Son objectif : obtenir l’autorisation de percevoir cette nouvelle redevance dans les meilleurs délais.

Il s’agit à peu près du même modèle qui a été mis en place autour des stations du Réseau express métropolitain (REM) avec succès.

Mais voilà : le contexte économique d’aujourd’hui n’a plus rien à voir avec celui de 2018, quand le projet du REM a été mis sur les rails.

Les sommes en jeu sont considérables.

L’ARTM veut percevoir une redevance de 122 $ le mètre carré, au moment de la délivrance des permis de construction. L’organisation espère ainsi recueillir 310 millions de dollars au fil des ans, qui serviront à payer une petite partie du prolongement de la ligne bleue.

Cette idée de redevance n’est pas sortie d’un chapeau. Elle est connue depuis plus de deux ans, quand un comité chargé de réduire les coûts de la ligne bleue a proposé d’ajouter cette option de financement « innovant » au montage du projet2.

Les promoteurs immobiliers ne peuvent pas feindre la surprise ici.

Ce qui a changé depuis deux ans, et pas qu’un peu, c’est l’état de l’économie.

La construction de logements est devenue plus risquée et moins rentable. En témoigne la chute historique de 50 % des mises en chantier dans le Grand Montréal depuis le début de l’année3.

Les frais de financement et les coûts de construction ont explosé, sans que la capacité de payer des ménages suive la même tendance.

La tempête est presque parfaite : l’offre dégringole, tandis que les besoins en nouveaux logements abordables sont plus criants que jamais.
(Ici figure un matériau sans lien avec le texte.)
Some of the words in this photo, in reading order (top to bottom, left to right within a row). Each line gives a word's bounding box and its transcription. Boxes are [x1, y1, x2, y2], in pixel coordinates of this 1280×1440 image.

Ce qui nous ramène à la ligne bleue.

C’est le gouvernement Legault qui aura le dernier mot sur la taxe projetée par l’ARTM. Le projet de règlement est en ce moment passé au peigne fin par des fonctionnaires, m’a-t-on confirmé. Il devra être adopté par décret.

Québec devra d’ici là trancher deux questions cruciales.
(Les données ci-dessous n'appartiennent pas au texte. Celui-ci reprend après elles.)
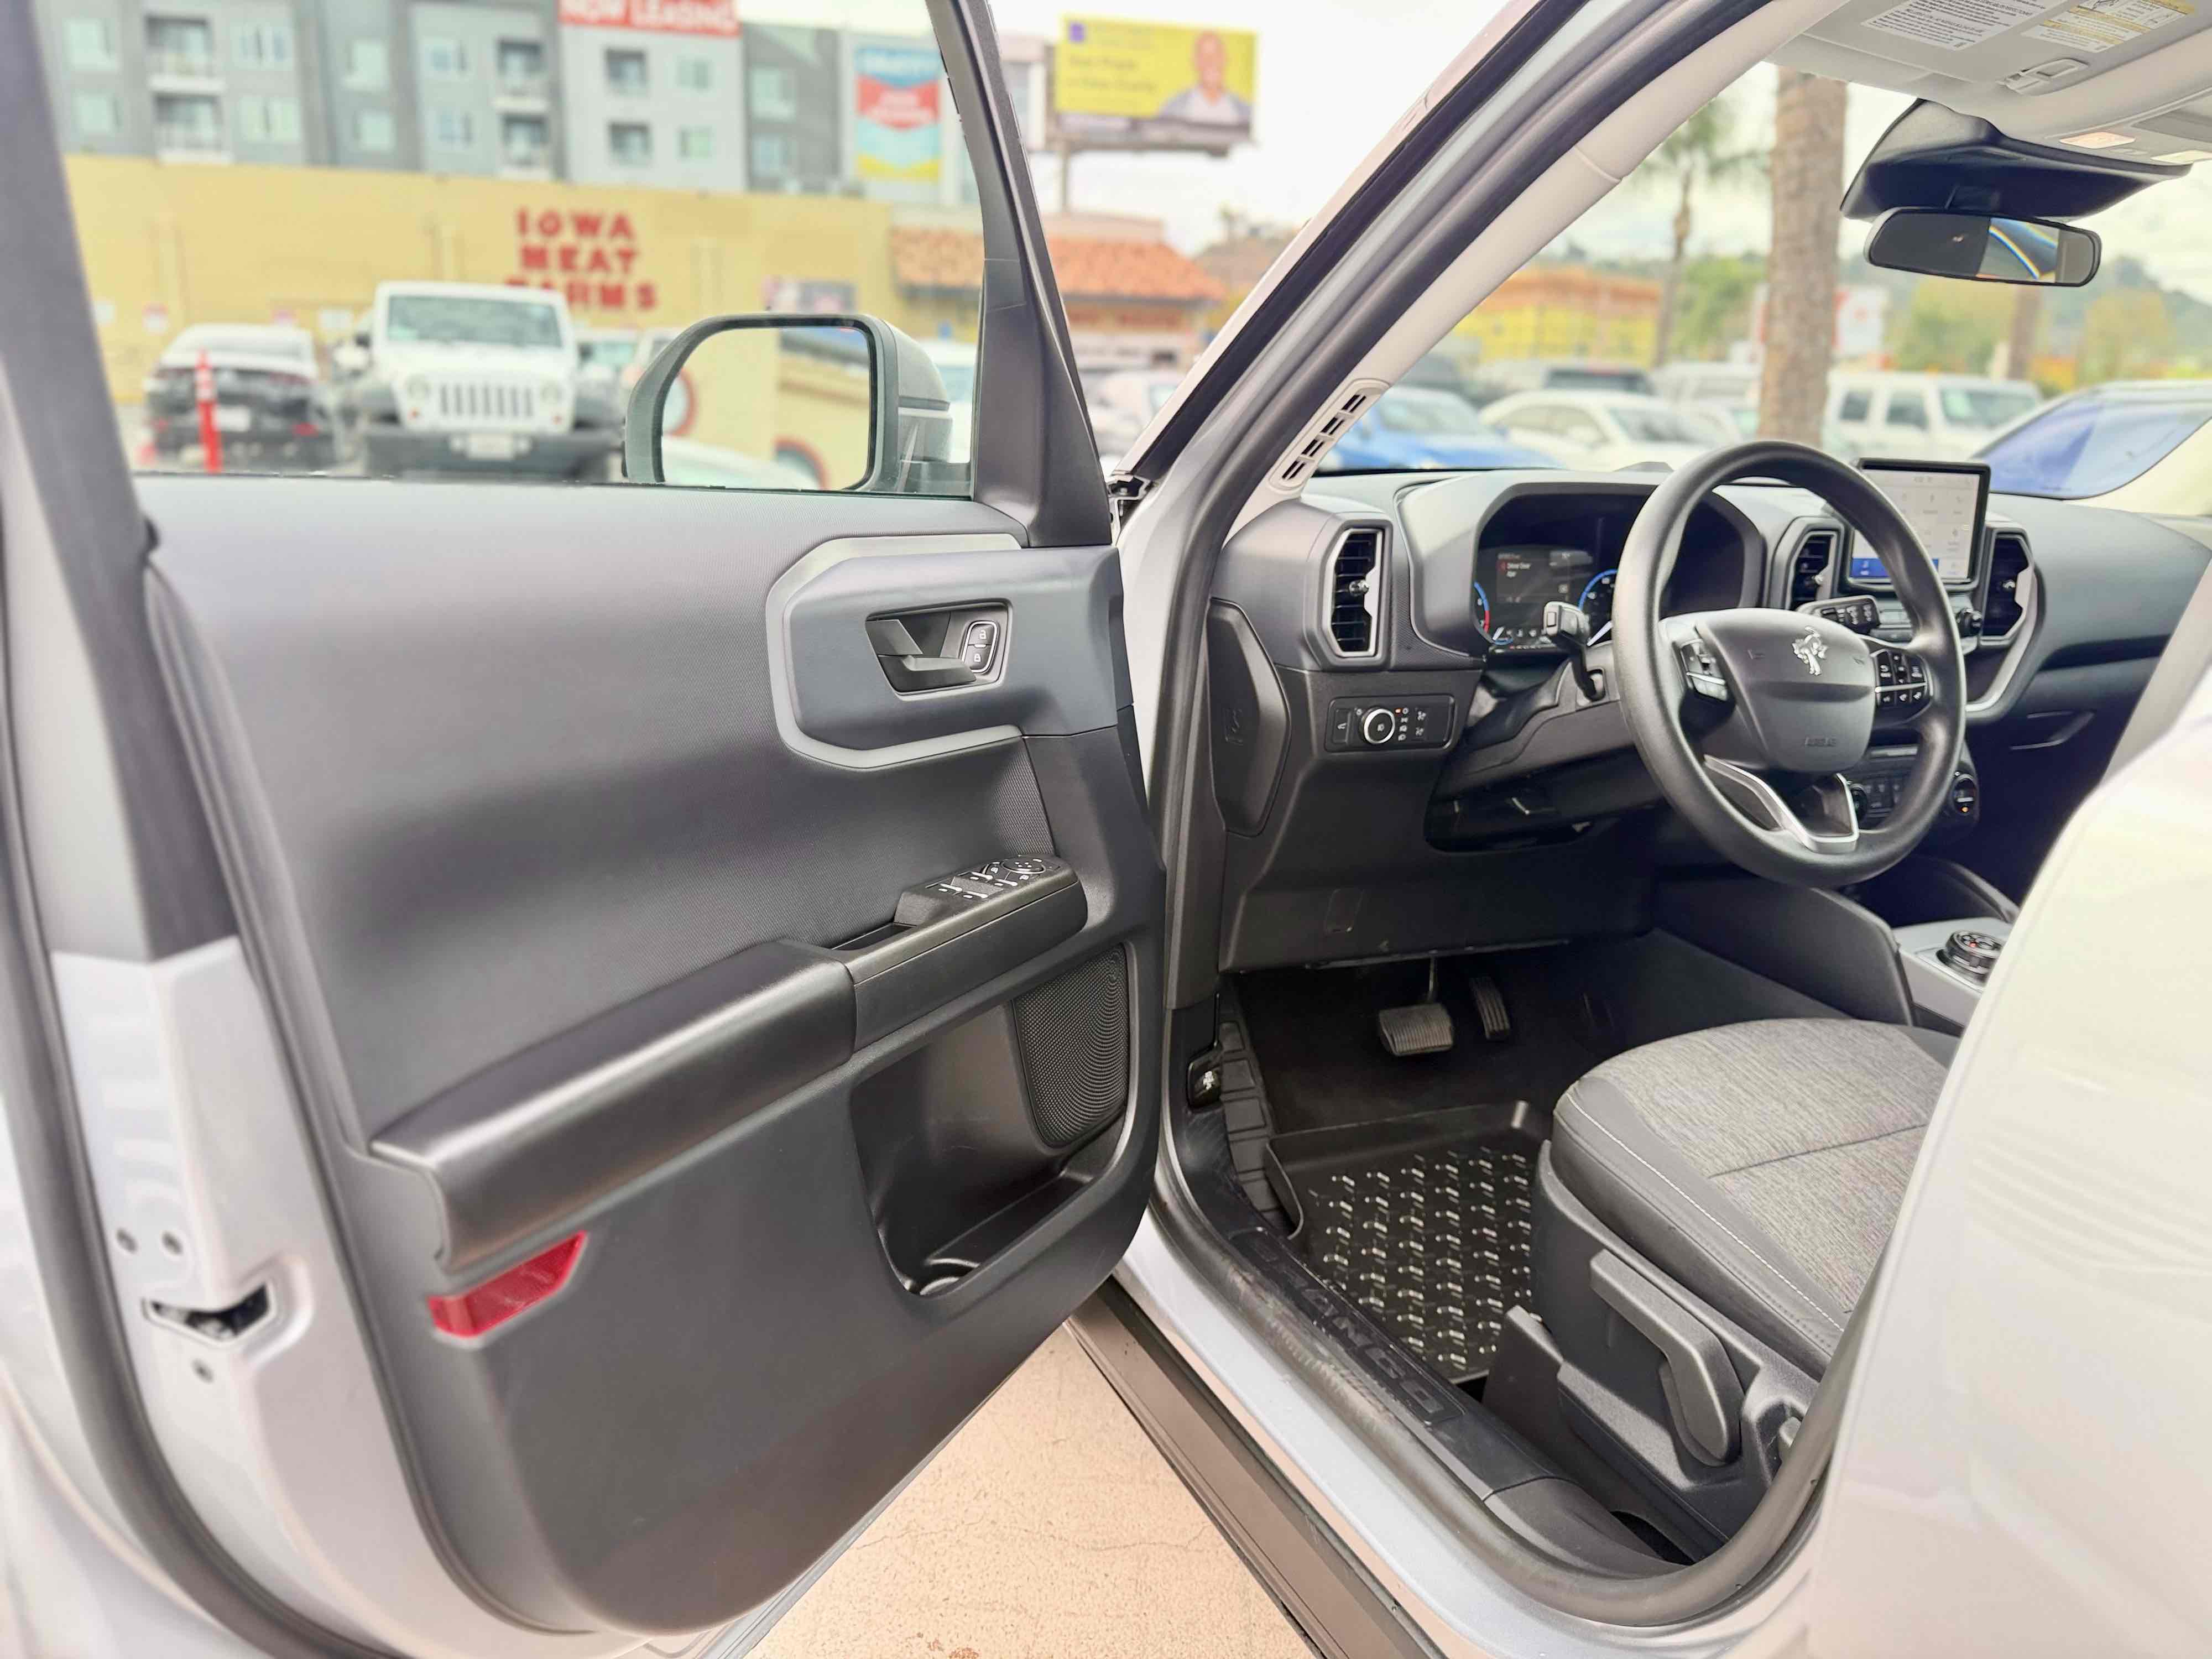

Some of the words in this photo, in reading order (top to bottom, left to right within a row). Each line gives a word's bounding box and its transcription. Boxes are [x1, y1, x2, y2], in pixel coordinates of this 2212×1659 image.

Premièrement : faudrait-il exclure les logements « abordables » de la redevance, au même titre que les logements « sociaux » ?

Si la réponse est oui, une bonne partie des 14 000 logements prévus pourraient alors être exemptés de la taxe, puisque la notion d’abordabilité est passablement élastique4.

L’autre grande décision que devra prendre le gouvernement Legault touchera le moment du début des redevances.

Dans le cas du REM, elles ont commencé à s’appliquer de façon graduelle entre 2018 et 2021, au moment de la délivrance des permis de construction. C’était assez rapproché de la date d’inauguration prévue, du moins pour le premier segment de la Rive-Sud.

Ce modèle a très bien fonctionné : les redevances totalisent déjà 151 millions pour le REM.

La ligne bleue progresse à un rythme beaucoup plus lent, presque végétal, et l’incertitude autour de la date d’entrée en service agace les promoteurs. L’inauguration a été repoussée à 2030 au plus tôt, a révélé mardi mon collègue Philippe Teisceira-Lessard.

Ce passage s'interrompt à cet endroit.